Financial Statements and Exhibits.

(d) Exhibits.

 

Exhibit
Number
   Description
1.1**    Underwriting Agreement, dated as of February 10, 2026, by and among Sysco Corporation, the Guarantors listed on Schedule I thereto, BofA Securities, Inc., Goldman Sachs & Co. LLC, J.P. Morgan Securities LLC, TD Securities (USA) LLC and Wells Fargo Securities, LLC, as representatives of the several underwriters listed on Schedule II thereto.
104    Cover Page Interactive Data File (embedded within the Inline XBRL document).

 

**

Certain schedules and exhibits to this agreement have been omitted pursuant to Item 601(a)(5) of Regulation S-K. A copy of any omitted exhibit or schedule will be furnished to the SEC or its staff upon request.


SIGNATURES

Pursuant to the requirements of the Securities Exchange Act of 1934, Sysco Corporation has duly caused this report to be signed on its behalf by the undersigned hereunto duly authorized.

Date: February 11, 2026

 

Sysco Corporation
By:  

/s/ Andrew Wurdack

  Andrew Wurdack
  Vice President, Securities and Corporate Governance & Assistant Secretary

FAQ

What did Sysco (SYY) disclose in this 8-K filing?

Sysco disclosed an underwriting agreement to sell new senior notes. The company is offering $600 million of 4.400% Senior Notes due 2031 and $650 million of 4.950% Senior Notes due 2036, under an existing Form S-3 shelf registration statement and related prospectus supplement.

How large is Sysco’s new senior notes offering and what are the coupons?

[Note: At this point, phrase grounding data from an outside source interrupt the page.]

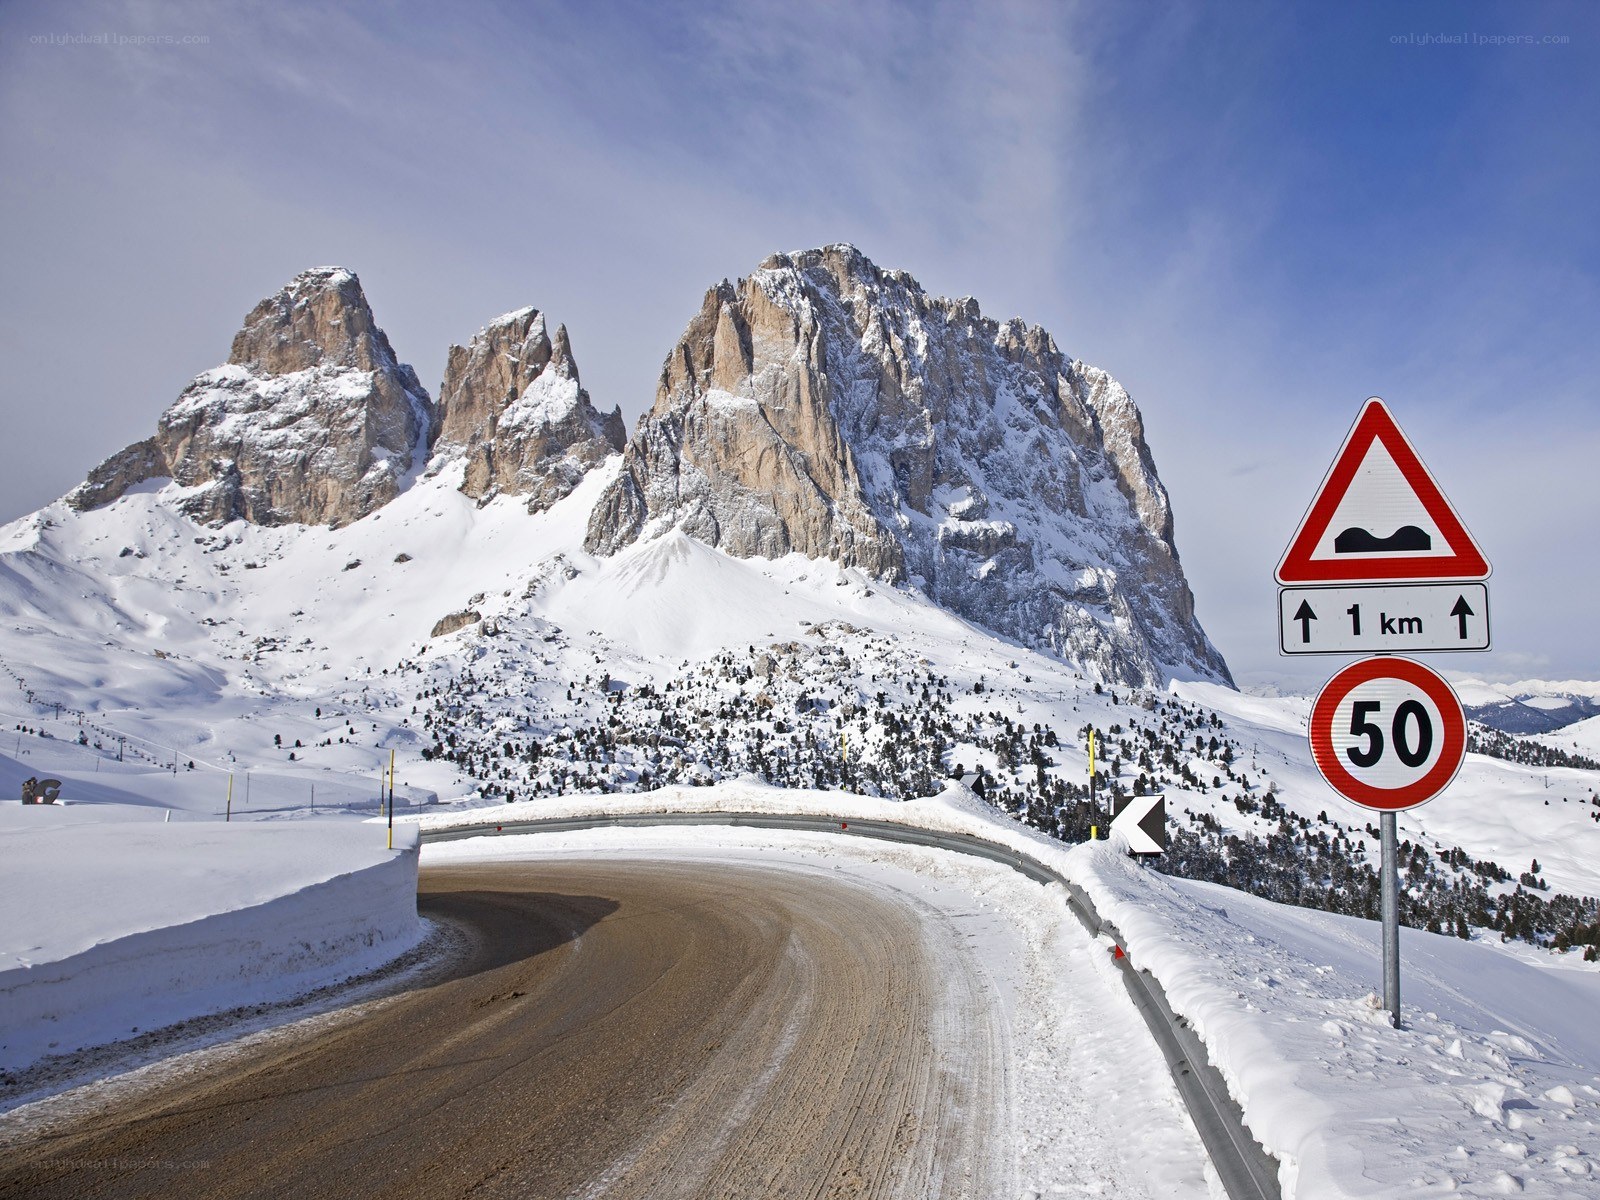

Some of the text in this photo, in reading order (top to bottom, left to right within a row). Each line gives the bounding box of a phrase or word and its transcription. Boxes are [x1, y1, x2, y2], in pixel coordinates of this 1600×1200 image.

[1346, 603, 1424, 636] 1 km
[1346, 699, 1433, 768] 50
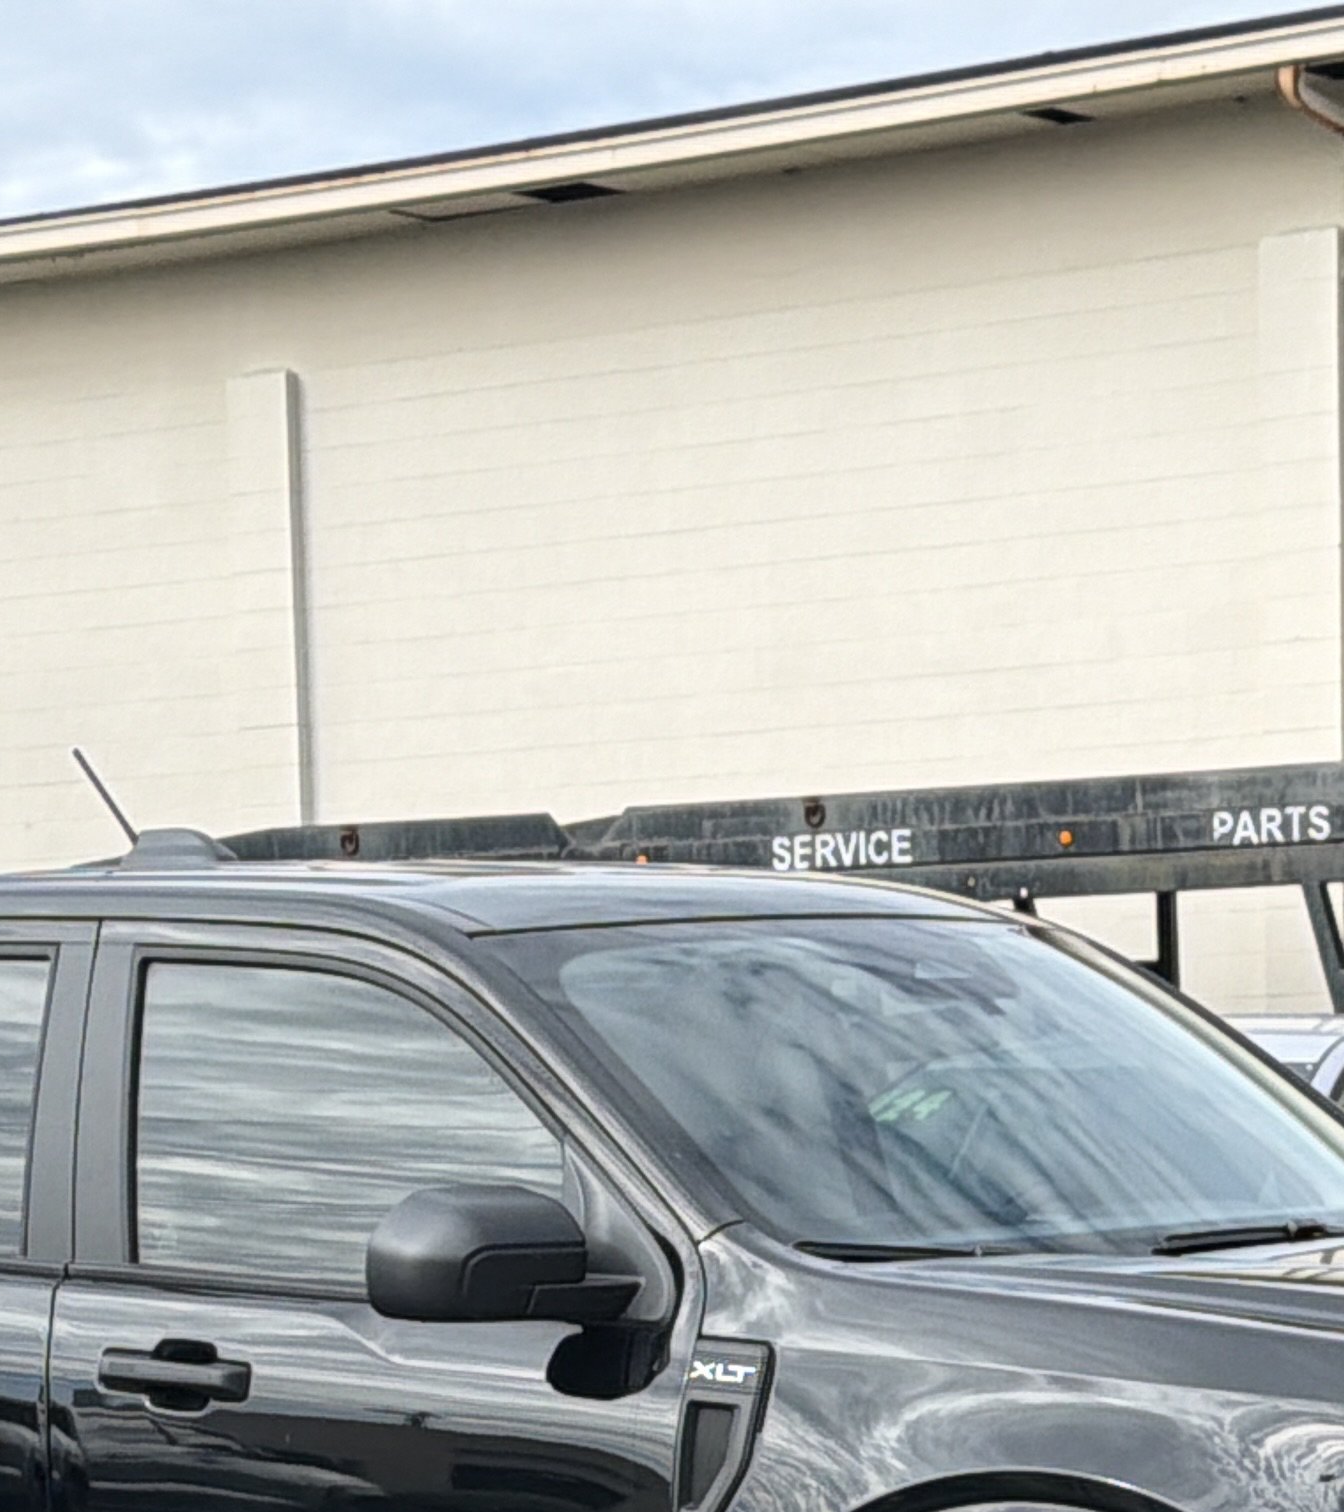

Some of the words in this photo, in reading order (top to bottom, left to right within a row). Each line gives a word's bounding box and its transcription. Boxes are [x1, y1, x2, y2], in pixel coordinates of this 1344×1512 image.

[1212, 805, 1332, 846] PARTS
[772, 828, 913, 871] SERVICE
[689, 1359, 757, 1384] XLT

Sysco is issuing $1.25 billion of senior notes in total. The offering includes $600 million of 4.400% Senior Notes due 2031 and $650 million of 4.950% Senior Notes due 2036, both sold pursuant to an underwriting agreement with a syndicate of major investment banks.

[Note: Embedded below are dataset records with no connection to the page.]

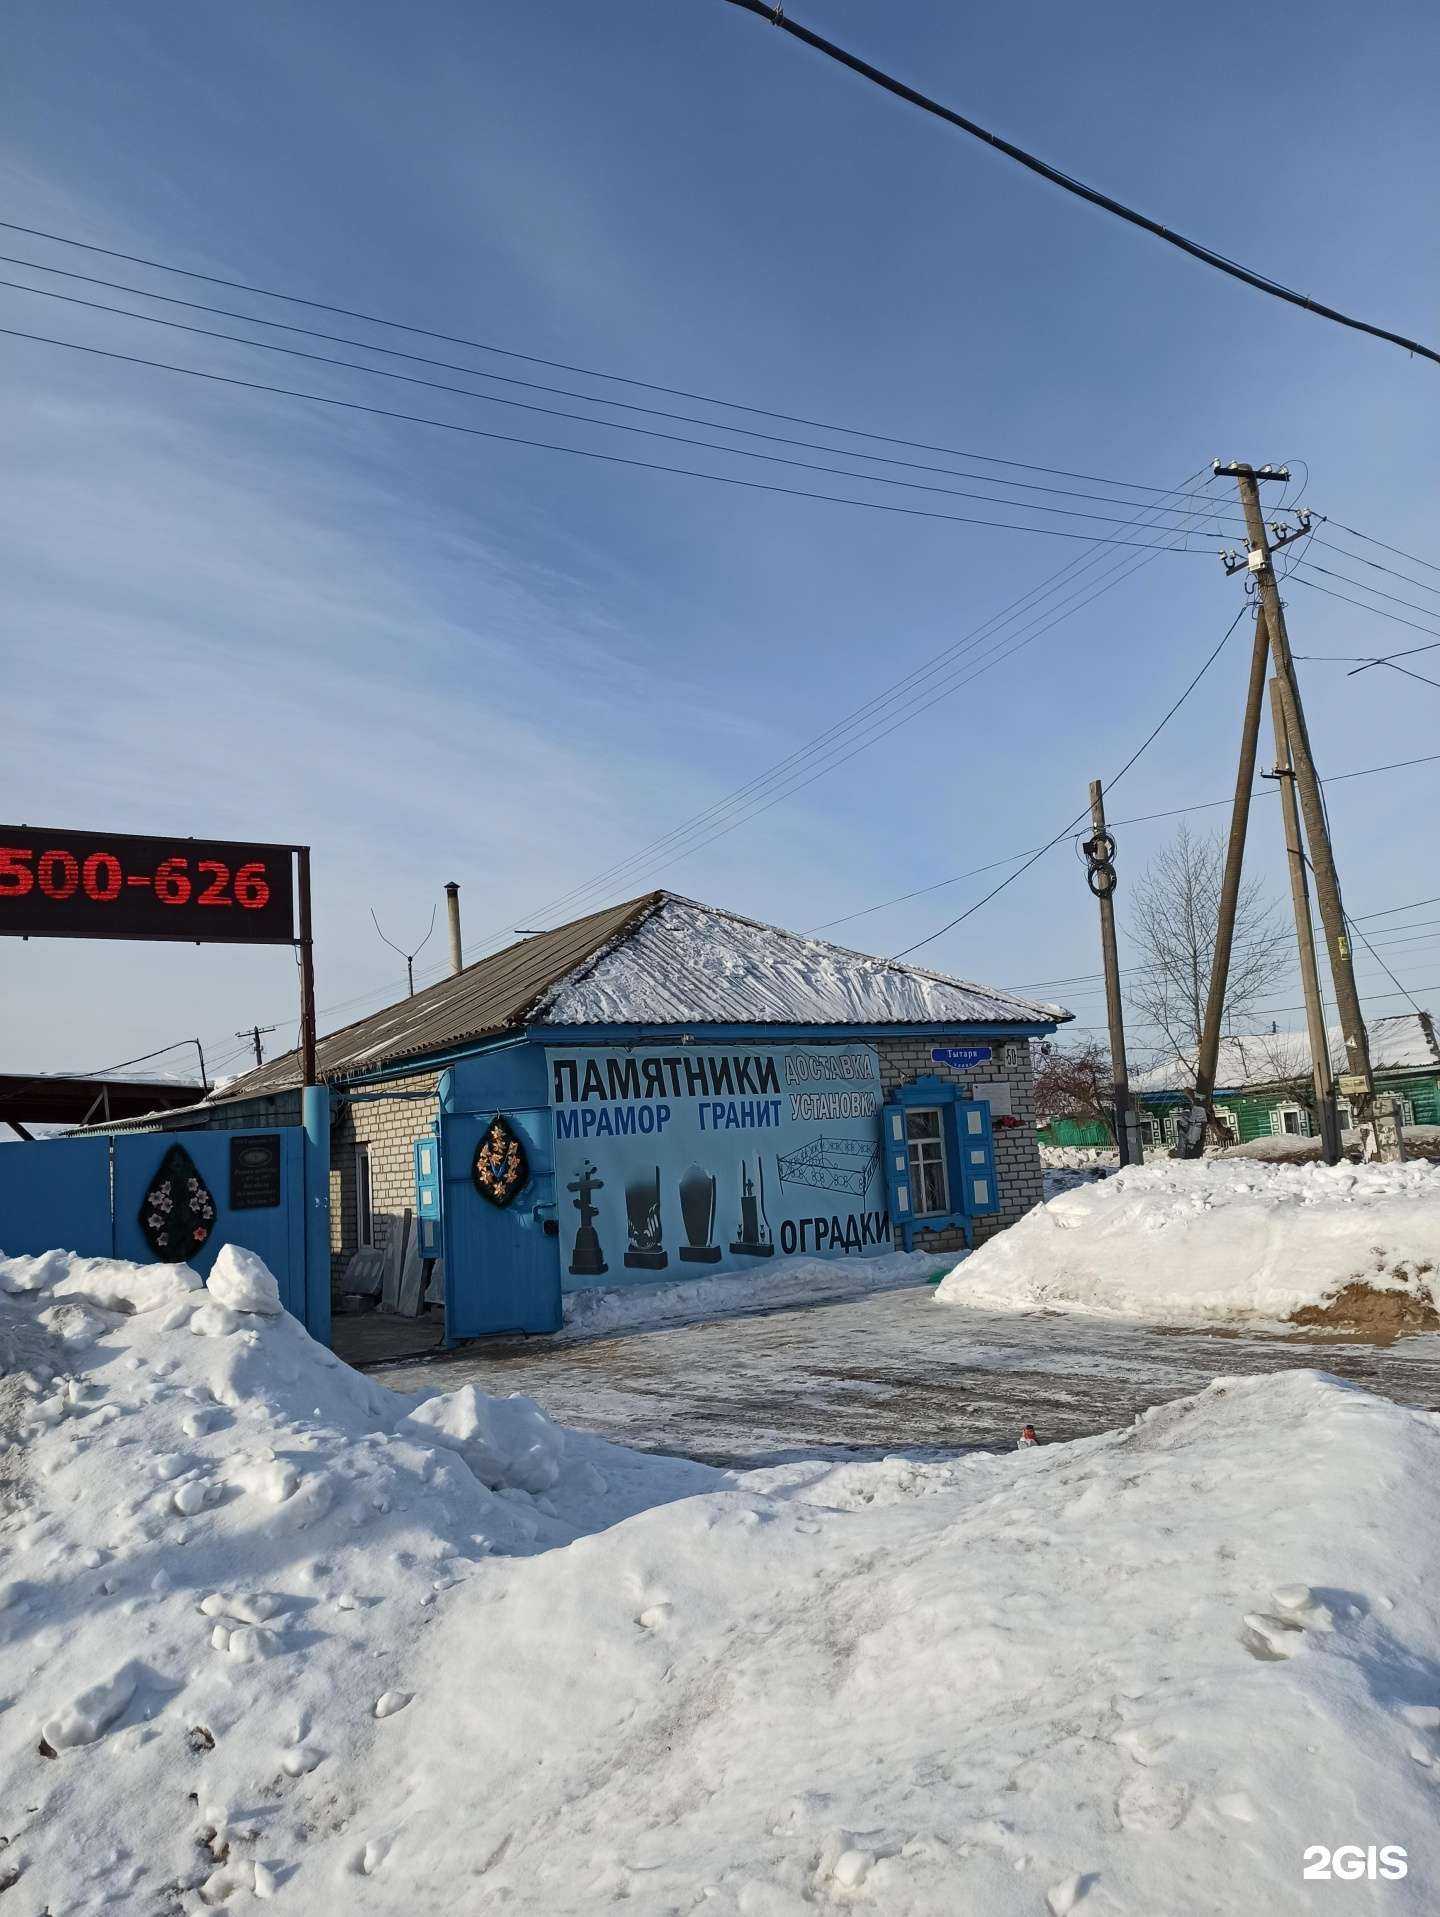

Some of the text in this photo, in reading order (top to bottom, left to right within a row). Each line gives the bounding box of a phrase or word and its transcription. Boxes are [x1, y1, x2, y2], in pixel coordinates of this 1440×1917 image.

[0, 847, 270, 909] 500-626
[553, 1056, 781, 1103] ПАМЯТНИКИ
[784, 1054, 875, 1086] ДОСТАВКА
[556, 1100, 782, 1139] МРАМОР ГРАНИТ
[789, 1091, 878, 1121] УСТАНОВКА
[780, 1210, 892, 1255] ОГРАДКИ

When is Sysco’s new senior notes offering expected to close?

The notes offering is expected to close on February 13, 2026. Closing is subject to customary conditions specified in the underwriting agreement, including standard representations, warranties, covenants, indemnification rights, and termination provisions between Sysco, subsidiary guarantors, and the underwriters.

Who are the lead underwriters for Sysco’s senior notes offering?

The lead underwriters are several large investment banks. BofA Securities, Goldman Sachs & Co. LLC, J.P. Morgan Securities LLC, TD Securities (USA) LLC and Wells Fargo Securities, LLC act as representatives of the underwriters listed in the schedules to the underwriting agreement.

How are the underwriters and their affiliates related to Sysco (SYY)?

Certain underwriter affiliates already do business with Sysco. They are lenders under Sysco’s credit facility, dealers under its commercial paper programs, and one affiliate serves as trustee for the notes, so they may receive a portion of the net proceeds and related fees.

Under what registration statement are Sysco’s new notes being offered?

The notes are offered under Sysco’s Form S-3 shelf registration. Specifically, they are being sold pursuant to Registration No. 333-281830 and are described in a prospectus supplement dated February 10, 2026, which sets the detailed terms of the senior notes.